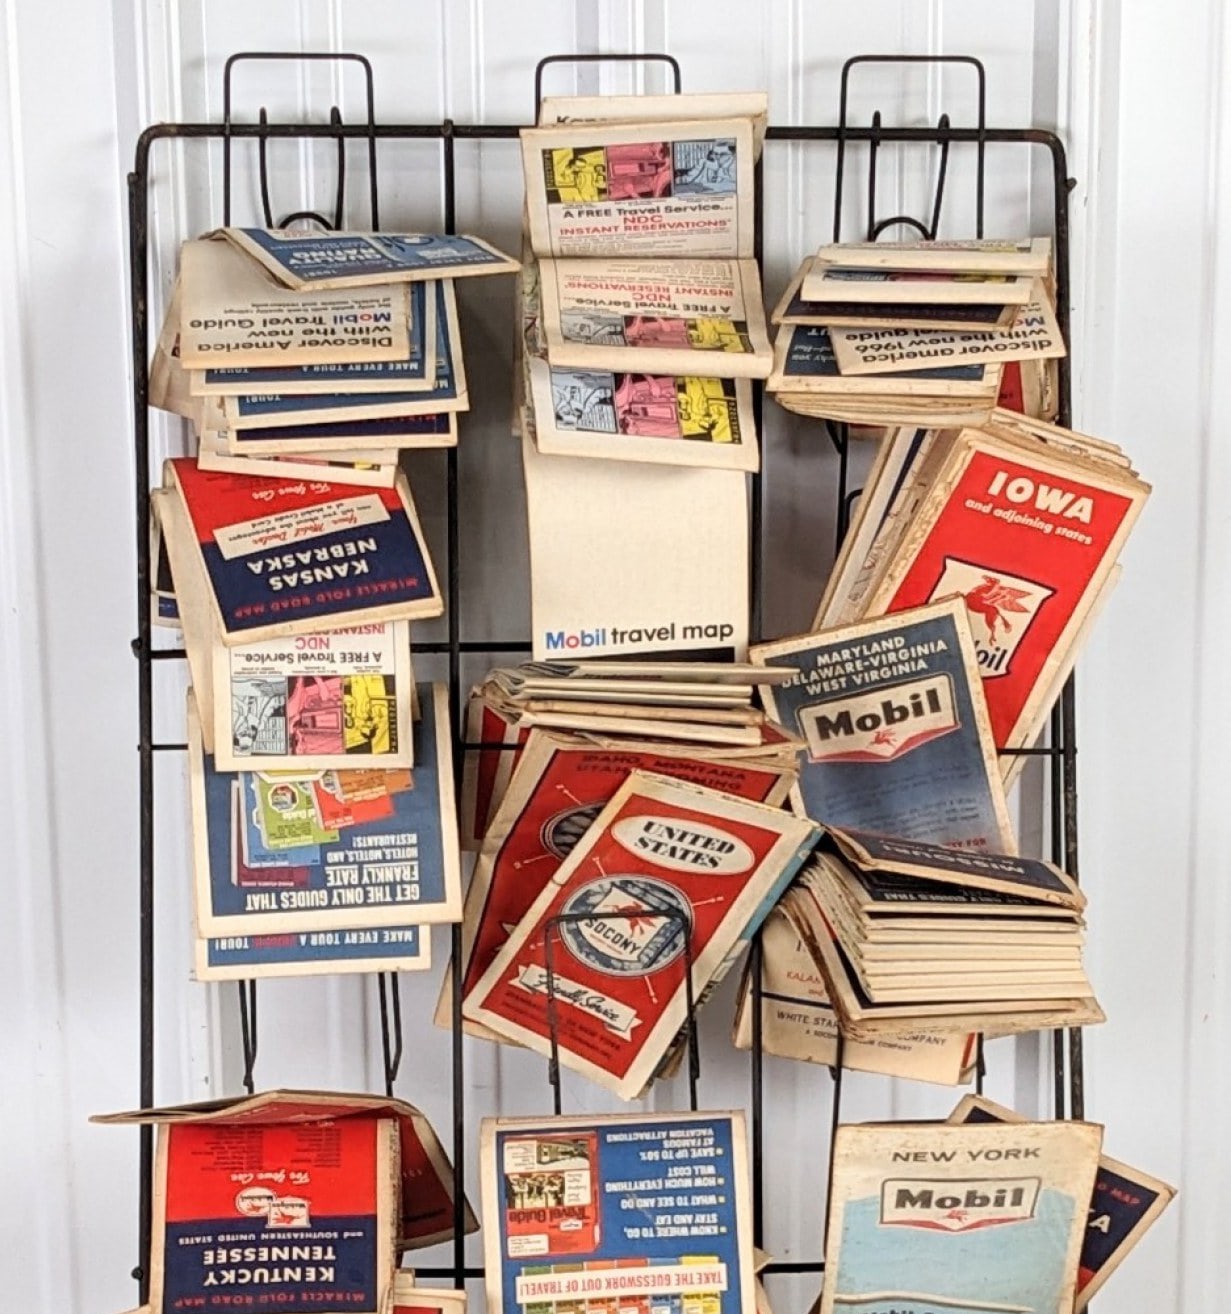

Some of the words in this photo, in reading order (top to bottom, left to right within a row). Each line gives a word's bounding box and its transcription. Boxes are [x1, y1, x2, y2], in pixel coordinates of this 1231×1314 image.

[562, 209, 573, 219] A
[577, 208, 612, 218] FREE
[616, 206, 661, 217] Travel
[623, 215, 663, 225] NDC
[559, 224, 620, 236] INSTANT
[190, 318, 255, 329] Guide
[263, 316, 328, 327] Travel
[333, 312, 391, 322] Mobil
[247, 328, 293, 338] new
[301, 326, 338, 336] the
[343, 325, 391, 335] with
[1006, 327, 1048, 339] with
[298, 336, 392, 347] Discover
[911, 336, 956, 347] new
[960, 332, 1000, 343] the
[198, 338, 291, 351] America
[856, 340, 904, 353] 1966
[963, 339, 1052, 354] discover
[863, 347, 955, 363] america
[987, 470, 1094, 524] IOWA
[965, 498, 993, 513] and
[994, 506, 1053, 533] adjoining
[1056, 525, 1093, 544] states
[246, 537, 377, 573] NEBRASKA
[269, 560, 369, 591] KANSAS
[545, 629, 606, 650] Mobil
[611, 624, 675, 645] travel
[682, 622, 734, 643] map
[295, 637, 330, 649] NDC
[298, 652, 336, 663] Travel
[341, 652, 369, 662] FREE
[374, 652, 382, 661] A
[816, 636, 905, 667] MARYLAND
[782, 639, 947, 688] DELAWARE-VIRGINIA
[806, 675, 848, 695] WEST
[853, 660, 928, 688] VIRGINIA
[815, 688, 941, 742] Mobil
[642, 821, 736, 855] UNITED
[633, 837, 722, 870] STATES
[882, 845, 1024, 874] MISSOURI
[326, 869, 359, 885] RATE
[363, 866, 419, 882] FRANKLY
[332, 889, 363, 905] ONLY
[368, 887, 393, 902] THE
[396, 885, 419, 900] GET
[245, 893, 278, 911] THAT
[282, 890, 327, 909] GUIDES
[214, 936, 248, 949] TOUR!
[300, 935, 307, 945] A
[311, 933, 340, 945] TOUR
[345, 931, 382, 944] EVERY
[383, 930, 413, 942] MAKE
[584, 917, 643, 956] SOCONY
[777, 1010, 809, 1024] WHITE
[892, 1150, 956, 1163] NEW
[967, 1147, 1042, 1163] YORK
[895, 1187, 1024, 1210] Mobil
[509, 1209, 546, 1224] Guide
[549, 1207, 589, 1221] Travel
[218, 1233, 255, 1242] UNITED
[261, 1232, 338, 1242] SOUTHEASTERN
[641, 1227, 654, 1238] TO
[655, 1226, 688, 1237] WHERE
[691, 1226, 718, 1237] KNOW
[179, 1237, 211, 1245] STATES
[203, 1247, 336, 1266] TENNESSEE
[203, 1267, 335, 1287] KENTUCKY
[606, 1274, 671, 1289] GUESSWORK
[675, 1273, 693, 1285] THE
[697, 1271, 722, 1284] TAKE
[519, 1281, 562, 1296] TRAVEL!
[566, 1280, 578, 1292] OF
[581, 1278, 601, 1291] OUT
[174, 1298, 206, 1308] MAP
[211, 1296, 255, 1307] ROAD
[262, 1294, 294, 1305] FOLD
[302, 1292, 365, 1301] MIRACLE
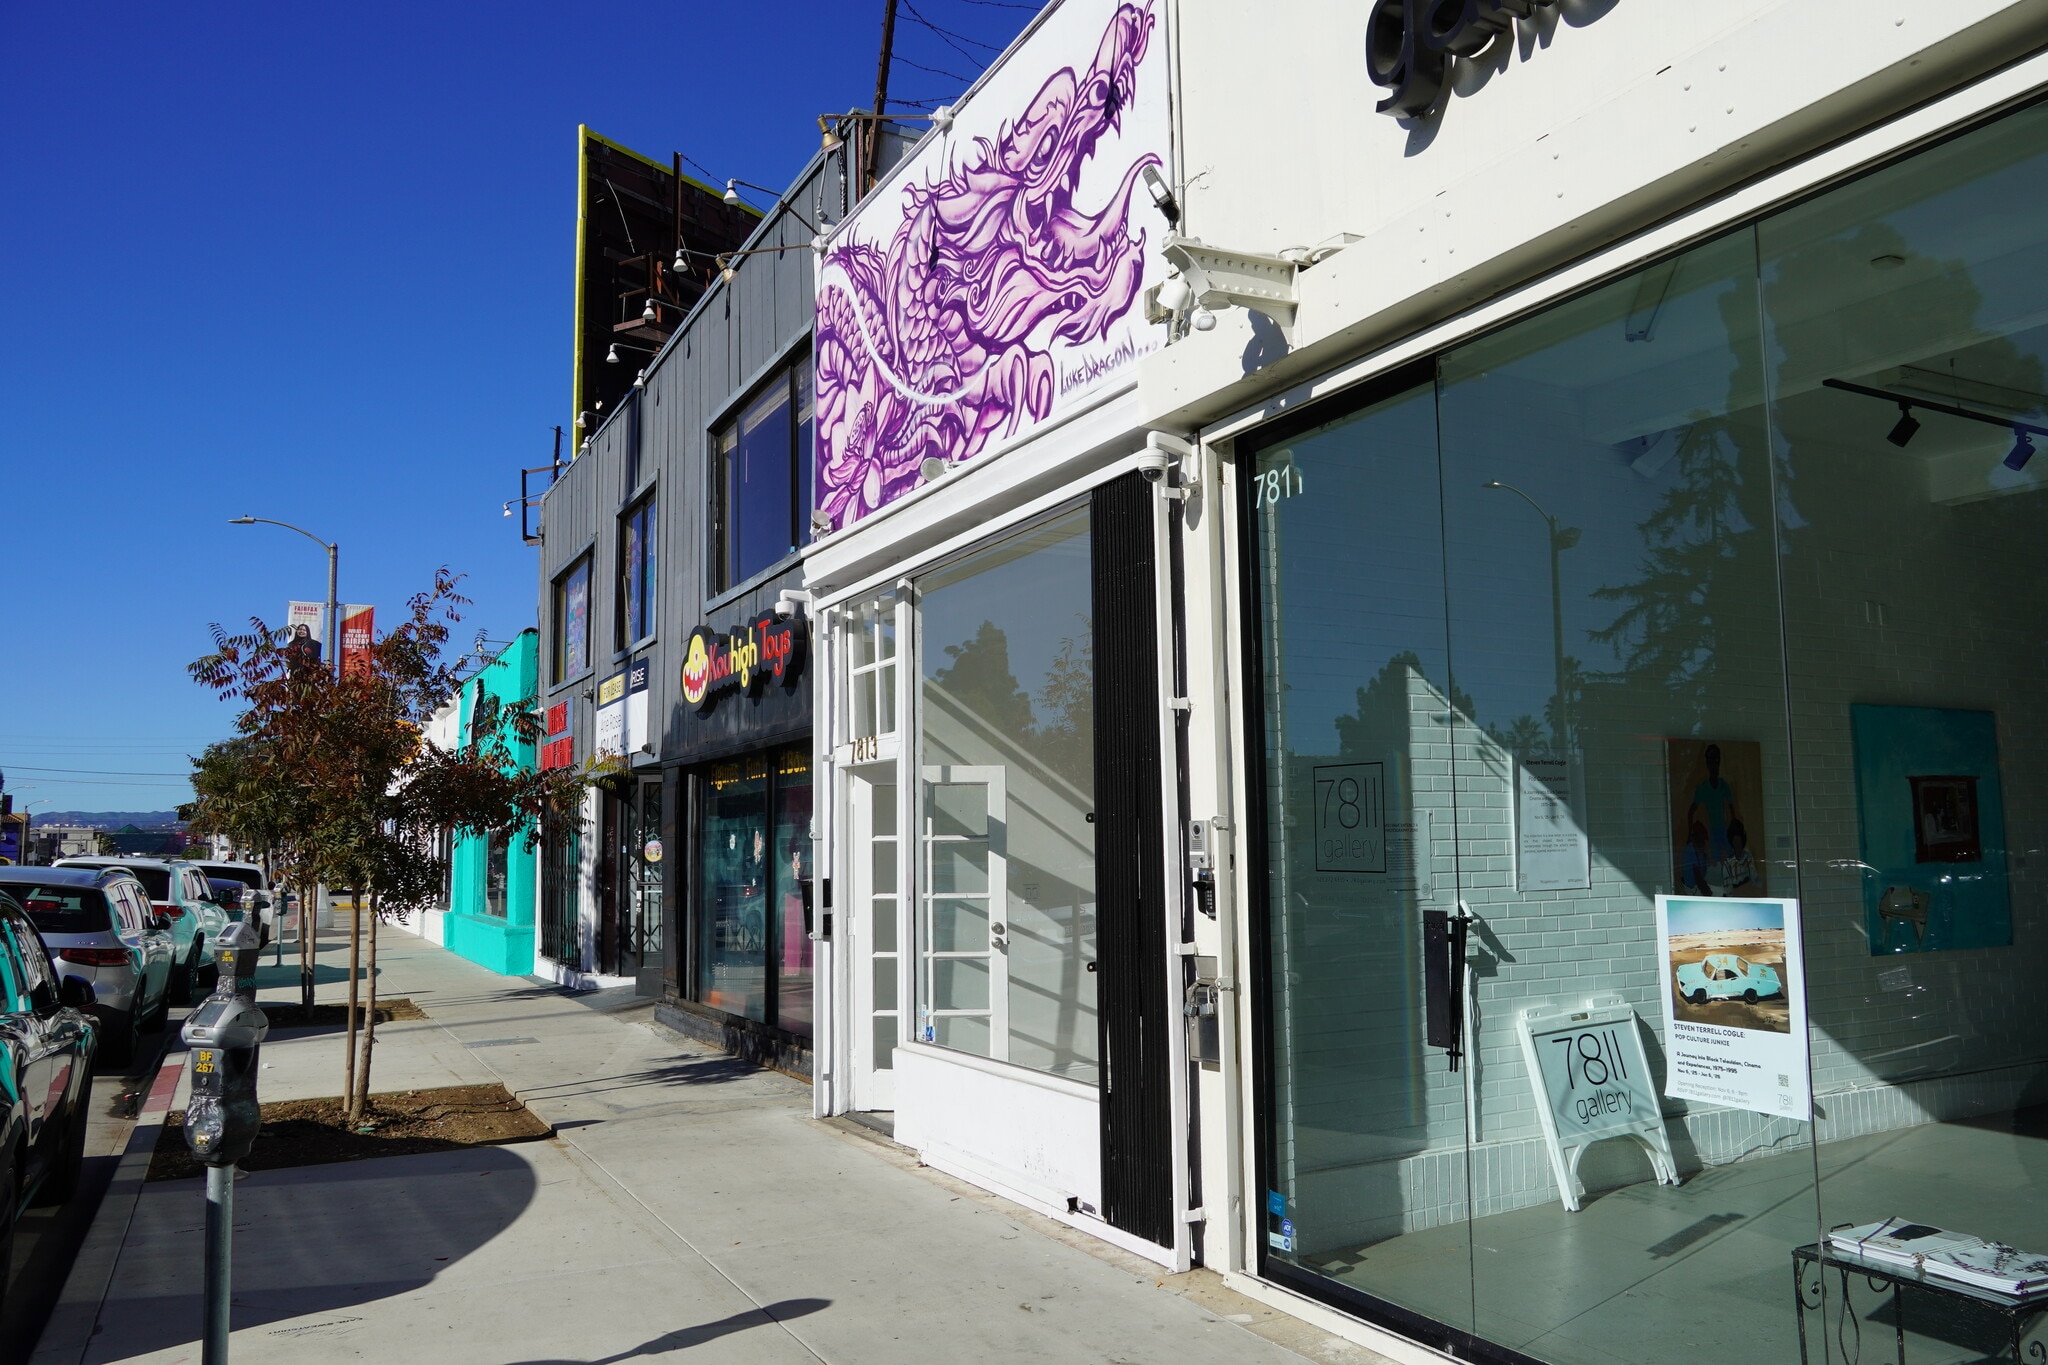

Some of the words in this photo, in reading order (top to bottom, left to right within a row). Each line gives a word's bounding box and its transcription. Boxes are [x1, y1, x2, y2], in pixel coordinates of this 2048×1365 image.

[708, 626, 758, 688] Kouhigh
[757, 619, 791, 676] Toys
[631, 667, 645, 682] RISE
[851, 736, 878, 764] 7813
[1316, 777, 1378, 829] 7811
[1323, 833, 1378, 863] gallery
[1674, 1023, 1696, 1032] STEVEN
[1696, 1026, 1722, 1036] TERRELL
[1722, 1029, 1746, 1038] COGLE:
[1686, 1035, 1710, 1044] CULTURE
[1710, 1038, 1730, 1047] JUNKIE
[196, 1063, 214, 1072] 267
[199, 1051, 213, 1061] BF
[1552, 1029, 1628, 1090] 7811
[1576, 1088, 1632, 1124] gallery

WORK TASK:
Return, word for word, each line from the one that contains "this 2048×1365 image." through the end of the listing above.

COMPLETED EXERCISE:
Some of the words in this photo, in reading order (top to bottom, left to right within a row). Each line gives a word's bounding box and its transcription. Boxes are [x1, y1, x2, y2], in pixel coordinates of this 2048×1365 image.

[708, 626, 758, 688] Kouhigh
[757, 619, 791, 676] Toys
[631, 667, 645, 682] RISE
[851, 736, 878, 764] 7813
[1316, 777, 1378, 829] 7811
[1323, 833, 1378, 863] gallery
[1674, 1023, 1696, 1032] STEVEN
[1696, 1026, 1722, 1036] TERRELL
[1722, 1029, 1746, 1038] COGLE:
[1686, 1035, 1710, 1044] CULTURE
[1710, 1038, 1730, 1047] JUNKIE
[196, 1063, 214, 1072] 267
[199, 1051, 213, 1061] BF
[1552, 1029, 1628, 1090] 7811
[1576, 1088, 1632, 1124] gallery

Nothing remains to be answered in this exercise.